Seasoned Fish and Tomatoes
Need a gluten free, dairy free, and primal main course? Seasoned Fish and Tomatoes could be a great recipe to try. One serving contains 134 calories, 21g of protein, and 1g of fat. This recipe serves 6. If you have plum tomatoes, wine, olives, and a few other ingredients on hand, you can make it. To use up the pepper you could follow this main course with the Easy Peppermint Dessert as a dessert. From preparation to the plate, this recipe takes approximately 45 minutes.
Instructions
Sprinkle fillets with oregano and cracked pepper.

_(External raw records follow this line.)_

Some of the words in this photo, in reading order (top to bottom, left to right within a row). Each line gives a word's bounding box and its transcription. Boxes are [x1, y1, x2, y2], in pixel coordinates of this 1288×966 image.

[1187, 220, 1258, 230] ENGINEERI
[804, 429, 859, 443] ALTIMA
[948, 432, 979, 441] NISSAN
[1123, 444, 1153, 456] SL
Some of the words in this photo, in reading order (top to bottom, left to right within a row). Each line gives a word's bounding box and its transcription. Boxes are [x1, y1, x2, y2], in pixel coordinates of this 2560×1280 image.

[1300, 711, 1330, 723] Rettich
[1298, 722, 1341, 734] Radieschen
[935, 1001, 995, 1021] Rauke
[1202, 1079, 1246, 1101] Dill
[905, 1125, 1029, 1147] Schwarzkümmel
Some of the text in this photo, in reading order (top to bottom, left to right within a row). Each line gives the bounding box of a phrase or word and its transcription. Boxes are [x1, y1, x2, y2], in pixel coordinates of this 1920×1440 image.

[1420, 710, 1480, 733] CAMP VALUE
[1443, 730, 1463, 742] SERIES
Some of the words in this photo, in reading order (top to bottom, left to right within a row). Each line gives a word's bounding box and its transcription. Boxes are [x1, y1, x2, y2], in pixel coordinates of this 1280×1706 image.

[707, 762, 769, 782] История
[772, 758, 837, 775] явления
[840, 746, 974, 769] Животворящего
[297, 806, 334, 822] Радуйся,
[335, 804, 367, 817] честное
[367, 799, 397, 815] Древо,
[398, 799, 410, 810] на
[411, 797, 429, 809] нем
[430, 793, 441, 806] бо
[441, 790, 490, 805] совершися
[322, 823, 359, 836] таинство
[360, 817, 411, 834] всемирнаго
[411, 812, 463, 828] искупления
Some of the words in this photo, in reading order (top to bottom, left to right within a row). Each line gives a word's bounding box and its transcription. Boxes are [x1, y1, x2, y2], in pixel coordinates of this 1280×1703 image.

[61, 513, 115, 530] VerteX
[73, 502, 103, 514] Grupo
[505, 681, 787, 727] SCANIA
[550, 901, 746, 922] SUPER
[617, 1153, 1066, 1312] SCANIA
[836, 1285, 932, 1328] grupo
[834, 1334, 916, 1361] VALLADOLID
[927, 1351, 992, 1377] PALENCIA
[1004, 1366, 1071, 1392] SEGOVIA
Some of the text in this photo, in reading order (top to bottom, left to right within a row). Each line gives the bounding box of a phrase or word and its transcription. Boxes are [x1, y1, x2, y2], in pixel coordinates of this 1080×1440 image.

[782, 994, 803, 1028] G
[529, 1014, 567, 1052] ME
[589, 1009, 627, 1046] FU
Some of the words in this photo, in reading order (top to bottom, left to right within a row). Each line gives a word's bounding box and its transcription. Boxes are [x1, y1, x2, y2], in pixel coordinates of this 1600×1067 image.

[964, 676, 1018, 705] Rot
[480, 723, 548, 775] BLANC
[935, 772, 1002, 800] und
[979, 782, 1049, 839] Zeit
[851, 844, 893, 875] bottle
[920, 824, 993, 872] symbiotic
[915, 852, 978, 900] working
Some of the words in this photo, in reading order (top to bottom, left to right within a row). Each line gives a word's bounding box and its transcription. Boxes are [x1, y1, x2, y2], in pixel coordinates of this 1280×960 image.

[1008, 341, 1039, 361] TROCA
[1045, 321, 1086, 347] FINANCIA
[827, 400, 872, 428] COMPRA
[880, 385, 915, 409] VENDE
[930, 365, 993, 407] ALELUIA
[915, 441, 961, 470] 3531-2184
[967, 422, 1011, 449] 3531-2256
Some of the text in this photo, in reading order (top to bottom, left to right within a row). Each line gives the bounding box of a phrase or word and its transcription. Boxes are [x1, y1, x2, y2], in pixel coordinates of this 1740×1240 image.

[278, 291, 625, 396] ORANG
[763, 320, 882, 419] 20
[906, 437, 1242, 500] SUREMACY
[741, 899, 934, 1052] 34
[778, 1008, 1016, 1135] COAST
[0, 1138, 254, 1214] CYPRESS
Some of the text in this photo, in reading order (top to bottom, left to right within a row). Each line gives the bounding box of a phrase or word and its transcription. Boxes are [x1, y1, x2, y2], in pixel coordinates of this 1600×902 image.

Place fillets and tomato in a 13 x 9-inch baking dish coated with cooking spray.
Bake, uncovered, at 350 for 15 minutes or until fish flakes easily when tested with a fork.
To serve, place tomato slices evenly on individual serving plates, using a slotted spoon. Top each serving with a fillet and 1 teaspoon olives. If desired, garnish each serving with a fresh oregano sprig and whole peppercorns.
Note: Fish is a vitamin-rich source of low-fat protein, making it a perfect choice for heart-healthy eating. When you buy fish, choose what's freshest and cook it that day or the next. The fish's flesh should appear firm and unblemished. And it should not have a "fishy" smell.